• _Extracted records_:
-.-.-
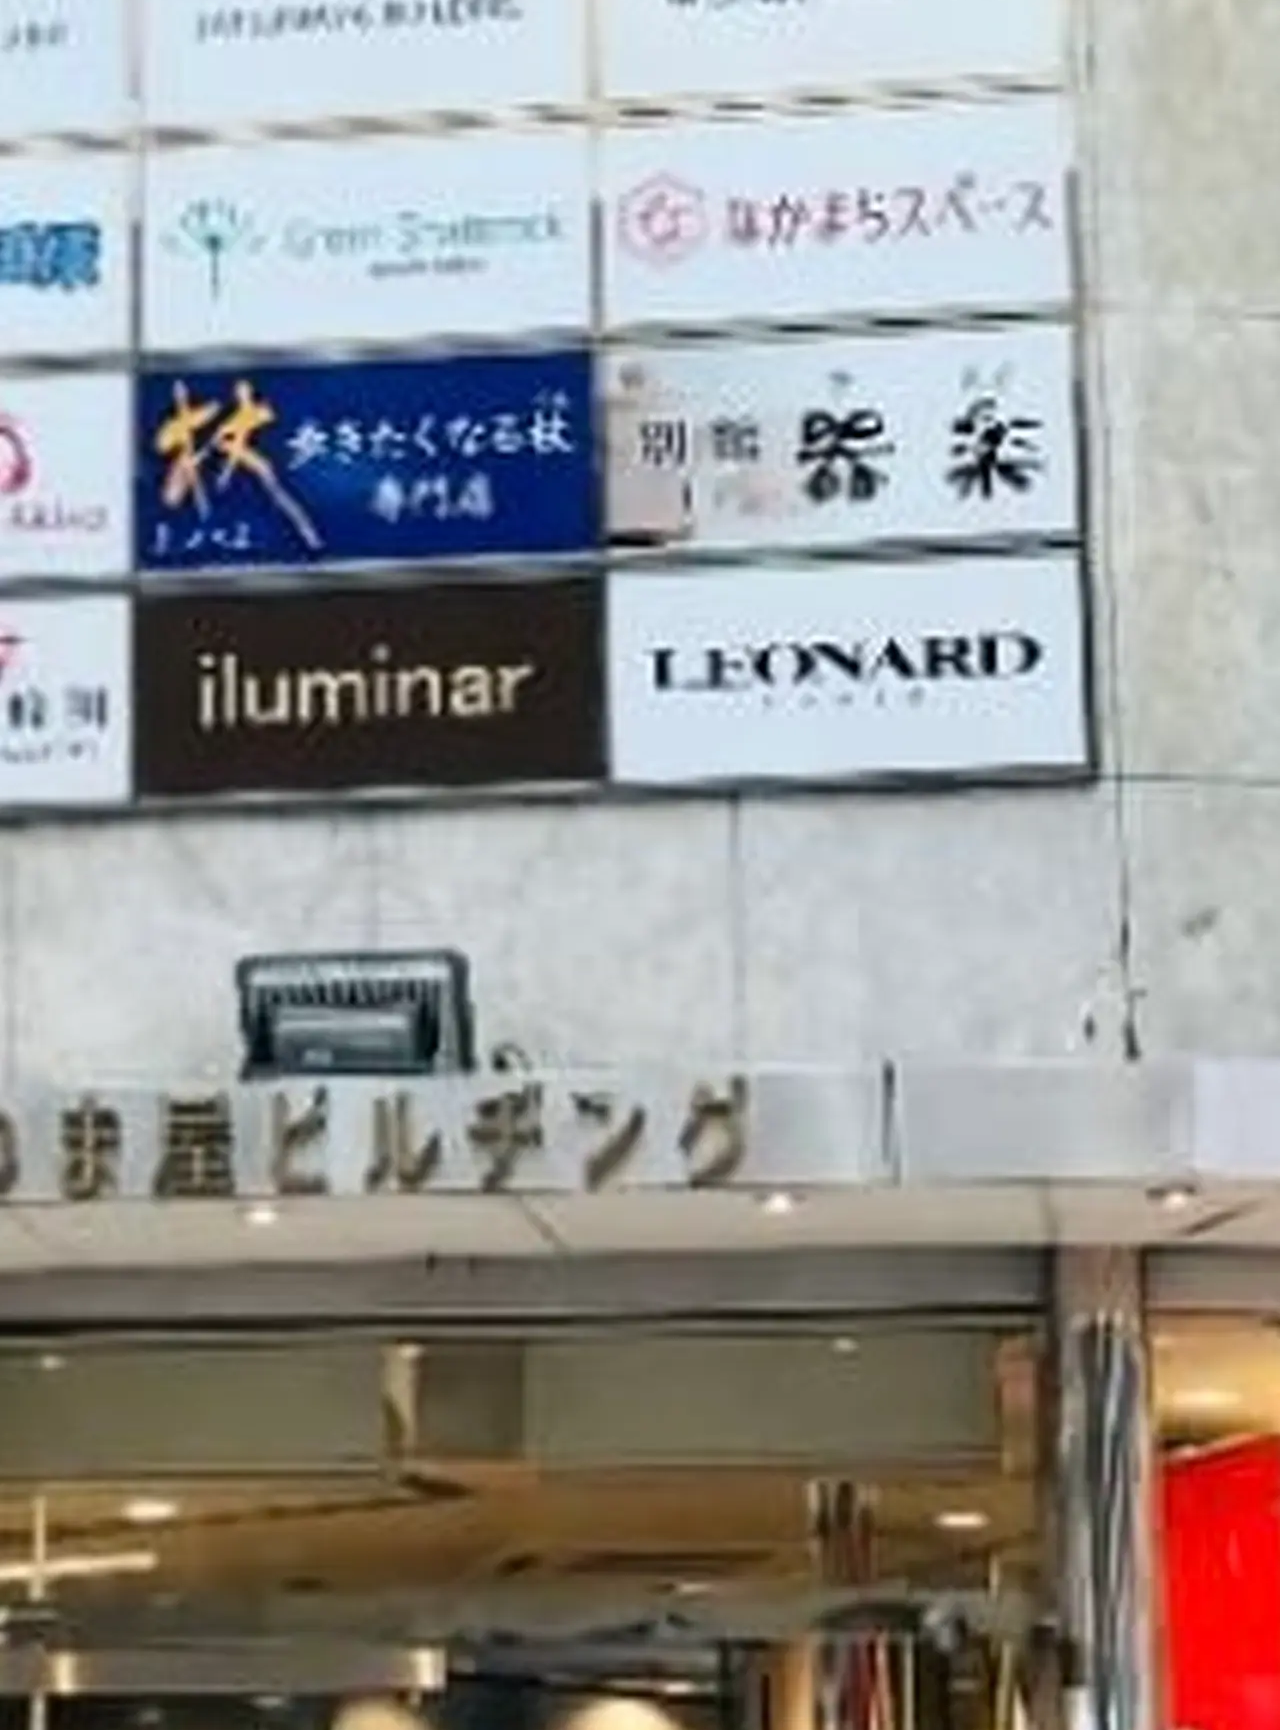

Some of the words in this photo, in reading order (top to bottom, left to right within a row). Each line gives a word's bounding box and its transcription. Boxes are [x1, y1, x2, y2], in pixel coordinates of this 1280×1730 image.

[726, 172, 1054, 248] なかまちスペース
[197, 643, 536, 731] iluminar
[650, 631, 1043, 693] LEONARD
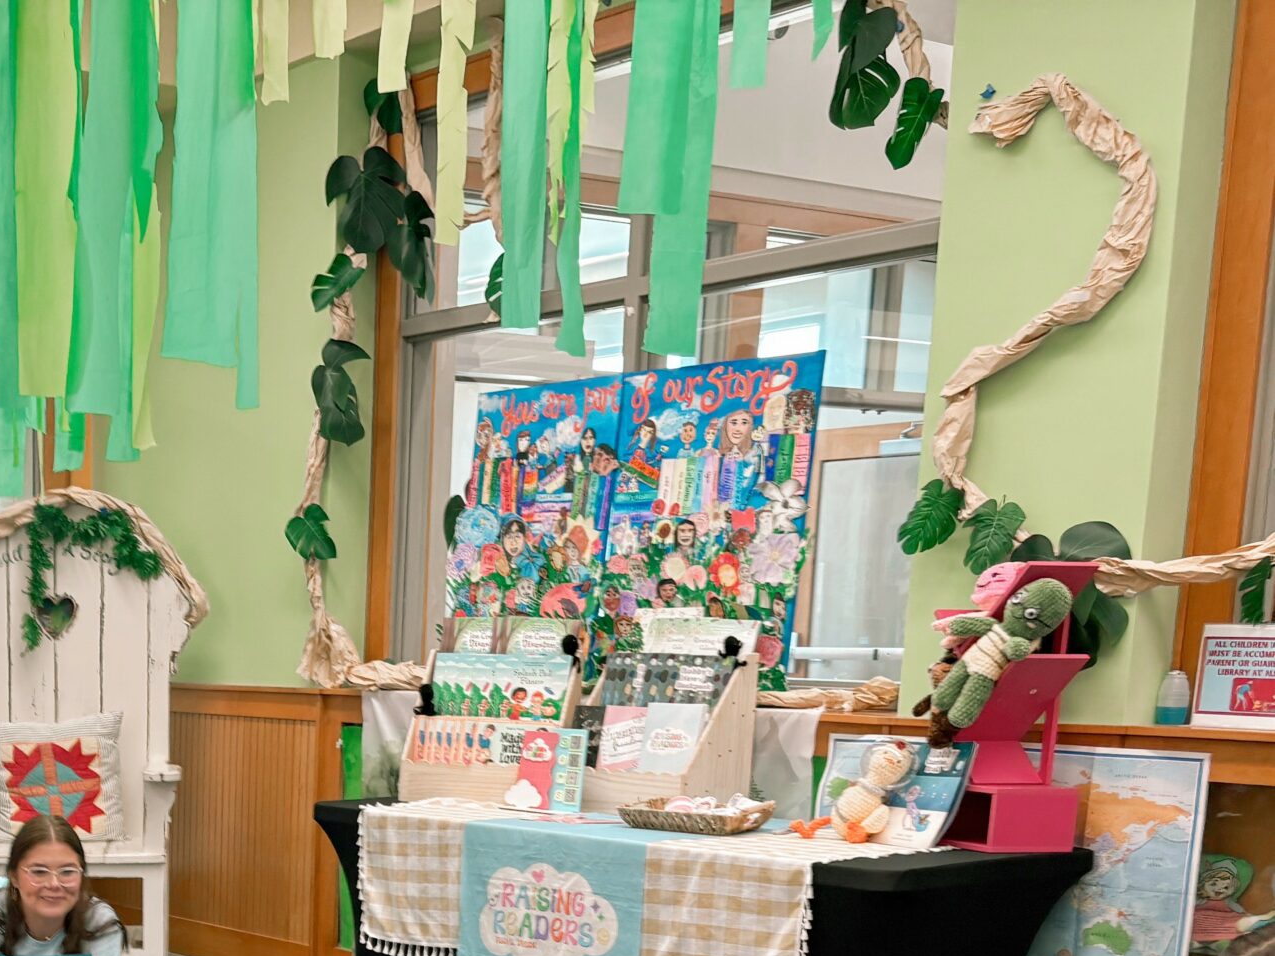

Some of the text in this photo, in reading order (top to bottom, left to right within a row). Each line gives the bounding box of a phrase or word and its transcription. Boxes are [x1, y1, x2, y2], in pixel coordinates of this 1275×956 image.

[501, 360, 798, 437] You are part of our Story
[1214, 640, 1228, 649] ALL
[1229, 641, 1269, 649] CHILDREN
[1232, 650, 1242, 658] BE
[1217, 668, 1251, 676] LIBRARY
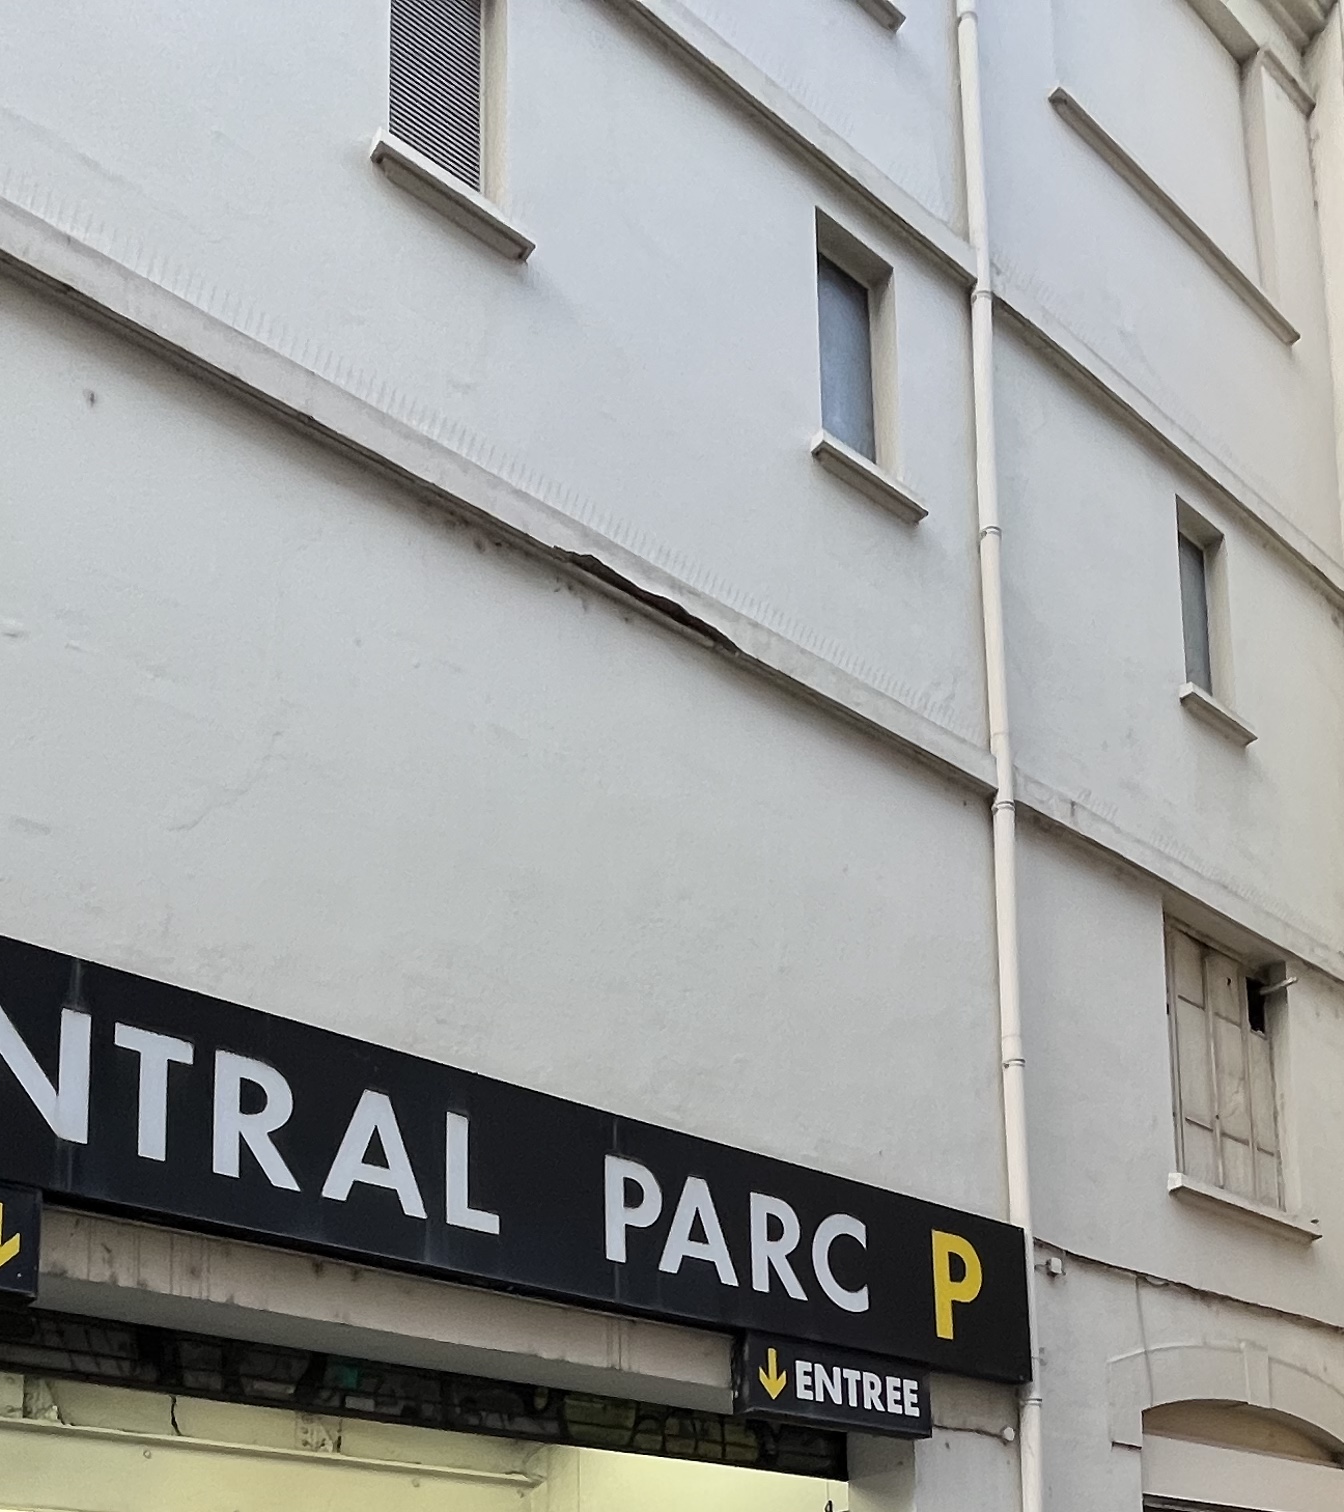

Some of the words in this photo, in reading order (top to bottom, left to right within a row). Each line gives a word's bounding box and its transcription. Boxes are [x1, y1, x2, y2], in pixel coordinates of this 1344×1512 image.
-.-.-
• _WORK ITEM_: Copy every line above exactly, leaving no picture in the copy.

• _SOLVED EXERCISE_:
Some of the words in this photo, in reading order (top to bottom, left to right within a row). Each line gives a word's bounding box and its transcription. Boxes are [x1, y1, x2, y2], in pixel coordinates of this 1280×1730 image.

[726, 172, 1054, 248] なかまちスペース
[197, 643, 536, 731] iluminar
[650, 631, 1043, 693] LEONARD

Some of the text in this photo, in reading order (top to bottom, left to right within a row). Each line gives the bounding box of a phrase or word and its transcription. Boxes are [x1, y1, x2, y2], in pixel coordinates of this 1275×956 image.

[501, 360, 798, 437] You are part of our Story
[1214, 640, 1228, 649] ALL
[1229, 641, 1269, 649] CHILDREN
[1232, 650, 1242, 658] BE
[1217, 668, 1251, 676] LIBRARY

Some of the words in this photo, in reading order (top to bottom, left to right within a row). Each line gives a word's bounding box and its transcription. Boxes are [x1, y1, x2, y2], in pixel coordinates of this 1344×1512 image.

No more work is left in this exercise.